Al final, sólo quedaban tres, Rafael, Silvanos y Leonata, aguardando atrás para bajar después de Valentino y Aesonia. Las trompetas cesaron brevemente y luego rompieron en una larga fanfarria, mientras los cuatro se dirigían hacia la escotilla, aún ocultos un instante más. Aesonia se detuvo allí. Sus ojos se encontraron fugazmente con los de su hijo y ella hizo un gesto afirmativo y frío con la cabeza. Las trompetas guardaron silencio.

Y así empezó todo.

* * *

El regreso de Rafael a su patria fue como un sueño. Los edificios a su alrededor, de piedra exquisitamente labrada y preservada con mimo, e iluminados por centenares de faroles sobre los pilares de arcadas y galerías, eran los mismos de su infancia, con aquella decoración y disposición de las piedras tan familiar. Los ruidos y las fragancias (incienso, sal y un indefinible fondo de flores procedentes de las plantas de los diez mil patios ajardinados a lo largo de toda la ciudad), le golpeaban como una ola.

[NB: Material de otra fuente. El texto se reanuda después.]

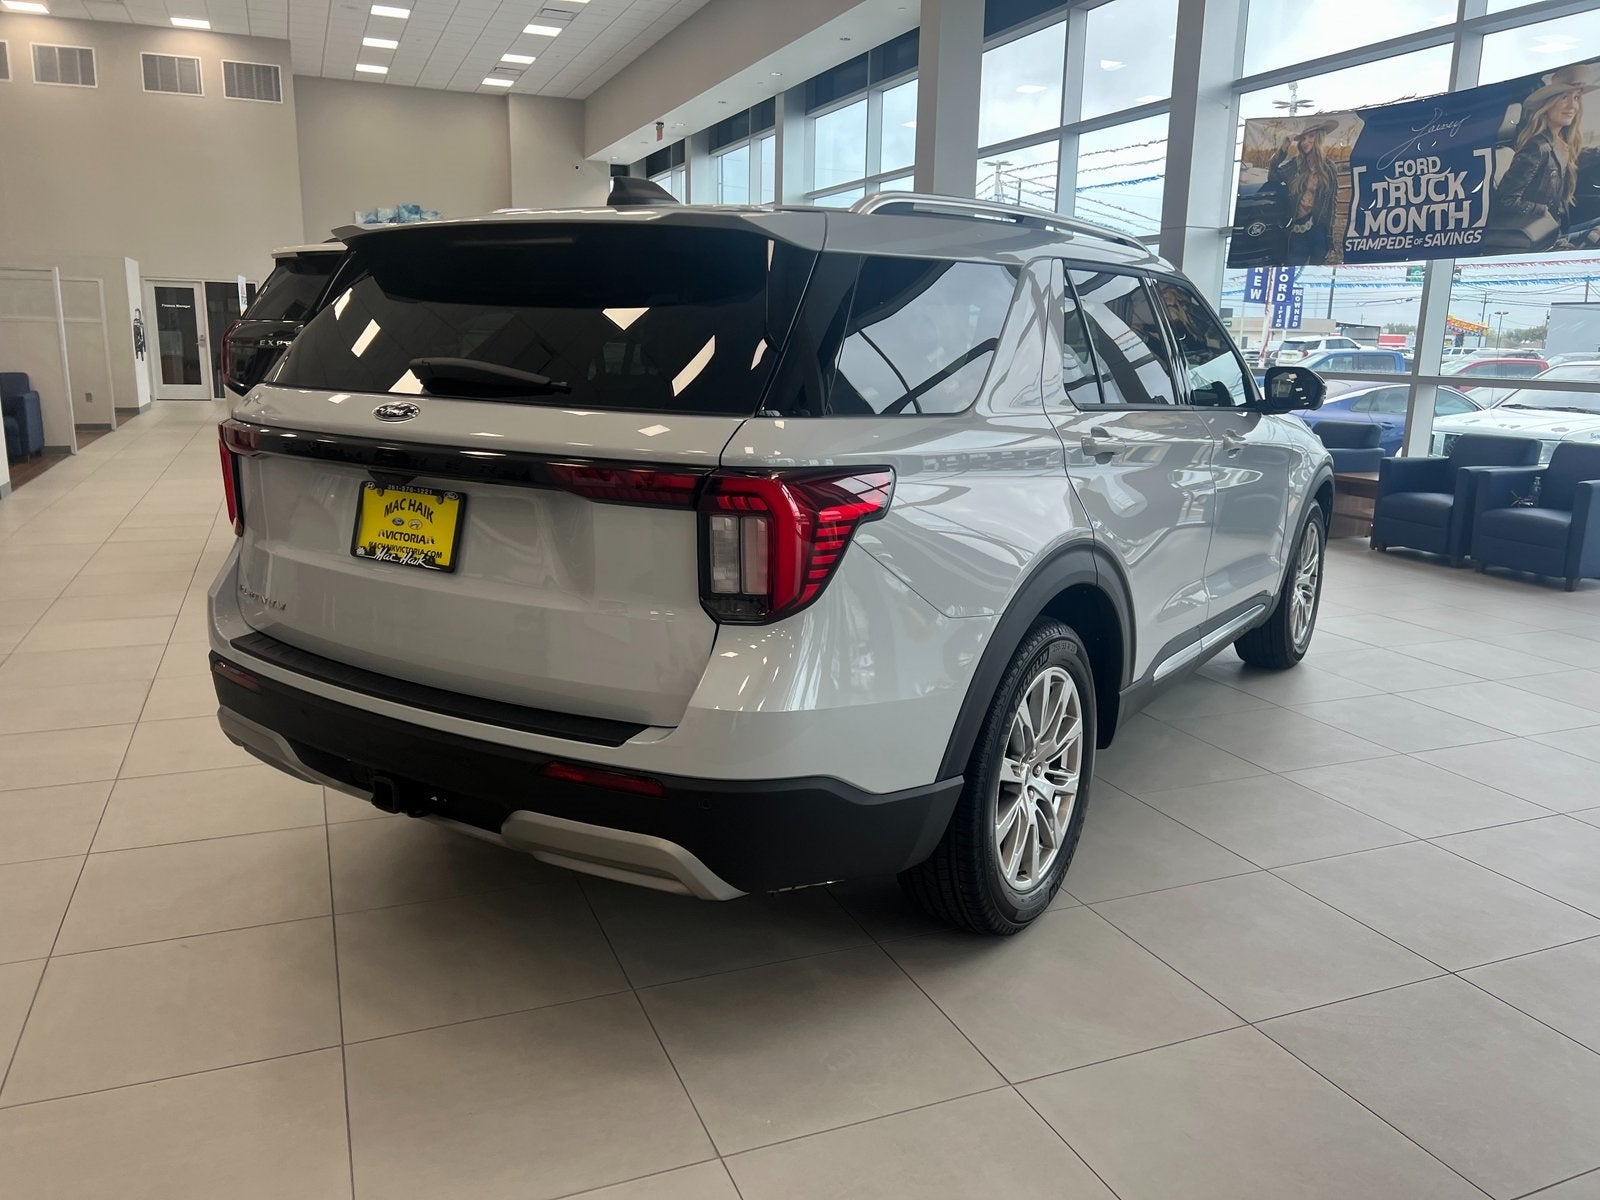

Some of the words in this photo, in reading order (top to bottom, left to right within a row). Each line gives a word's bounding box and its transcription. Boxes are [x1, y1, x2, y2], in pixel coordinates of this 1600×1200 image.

[1395, 156, 1441, 178] FORD
[1372, 168, 1468, 209] TRUCK
[1363, 200, 1472, 237] MONTH
[1345, 235, 1414, 252] STAMPEDE
[1423, 229, 1483, 247] SAVINGS
[384, 498, 406, 518] MAC
[408, 498, 434, 524] HAIK
[385, 530, 426, 545] VICTORIA
[374, 547, 399, 561] Mac
[399, 552, 430, 567] Haik

Era un alboroto apagado, como los sonidos nocturnos de la jungla, pero mucho más fuerte: las voces de los centenares de miles de habitantes en las calles y en sus casas, en los restaurantes y en los baños públicos y en las cafeterías, entretejidos con vetas de música y otros ruidos sin origen definido, como si tuvieran vida propia. «Los leones rugen en Vespera por la noche», había escrito un poeta hacía mucho tiempo, y Rafael entendió lo que quería decir.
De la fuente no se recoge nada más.